Purchase supplies for your German shepherd puppy. You will need dishes, bedding, a crate, toys, bones (small ones for your German shepherd's fragile puppy teeth) and grooming supplies. You will also need a leash, collar and ID tags for your new puppy. You can buy these at your local pet store.
Feed your German shepherd puppy two or three times a day. For the first year of its life, it will need to eat a puppy formula. These formulas include extra proteins and higher levels of nutrients that your German shepherd will need as it grows into a large breed dog. German shepherds will eat whatever is in front of them, so don't leave food down all day. Instead, put your puppy on a regular feeding schedule to give it a sense of familiarity and comfort, and to regulate its digestive system.
Make your German shepherd puppy an appointment to see a veterinarian. It will need vaccinations against illnesses such as rabies and bordetella. Your vet can also give your German shepherd puppy a complete physical. Schedule these appointments frequently throughout your puppy's life because German shepherds are susceptible to conditions such as hip dysplasia. These health problems can be avoided or treated early if your puppy receives regular checkups.
Socialise and train your puppy early. German shepherds can be territorial, so it's a good idea to introduce your puppy to as many different people, animals and situations as possible while it is still young. Make these experiences as positive as possible by rewarding and praising your puppy for good behaviour. Enrol your German shepherd puppy in puppy training classes to get a head start on basic obedience and housetraining before your puppy becomes a full grown handful.

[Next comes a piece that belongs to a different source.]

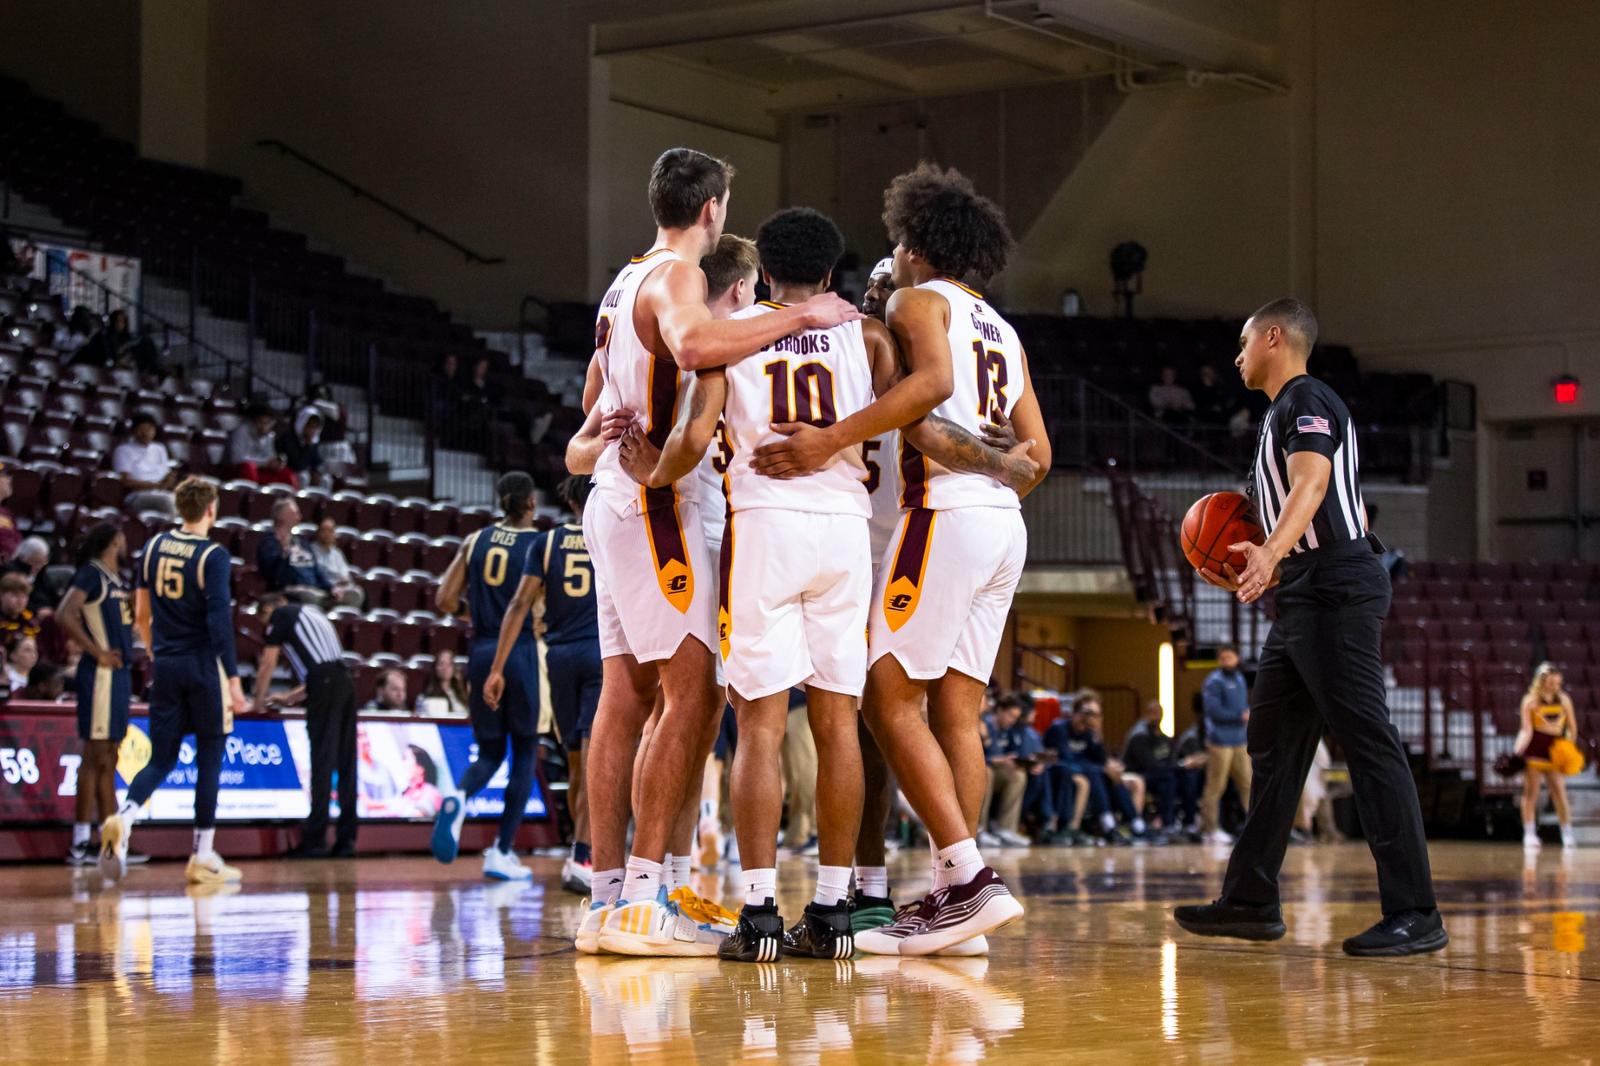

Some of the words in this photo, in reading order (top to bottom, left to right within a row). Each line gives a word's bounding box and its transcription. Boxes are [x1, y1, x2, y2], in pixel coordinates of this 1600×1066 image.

Exercise with your puppy every day. German shepherds are intelligent and energetic, and will find their own kind of entertainment if they get bored. Don't expect to like the ideas they come up with! To keep your dog healthy and happy, it should have at least two 20- to 30-minute walks a day. Play with your German shepherd puppy, as well, and take it jogging or swimming to help it burn extra energy.
Groom your German shepherd puppy. Its course coat will only require brushing once a week since it is not likely to tangle. Bathe your puppy with hypoallergenic dog shampoo when it gets dirty, and keep its nails trimmed so that they don't make it painful for your puppy to walk. Wipe the corners of your puppy's eyes when they are runny to avoid infections. Dry your puppy's ears with a towel whenever it gets wet. This will help to prevent ear infections.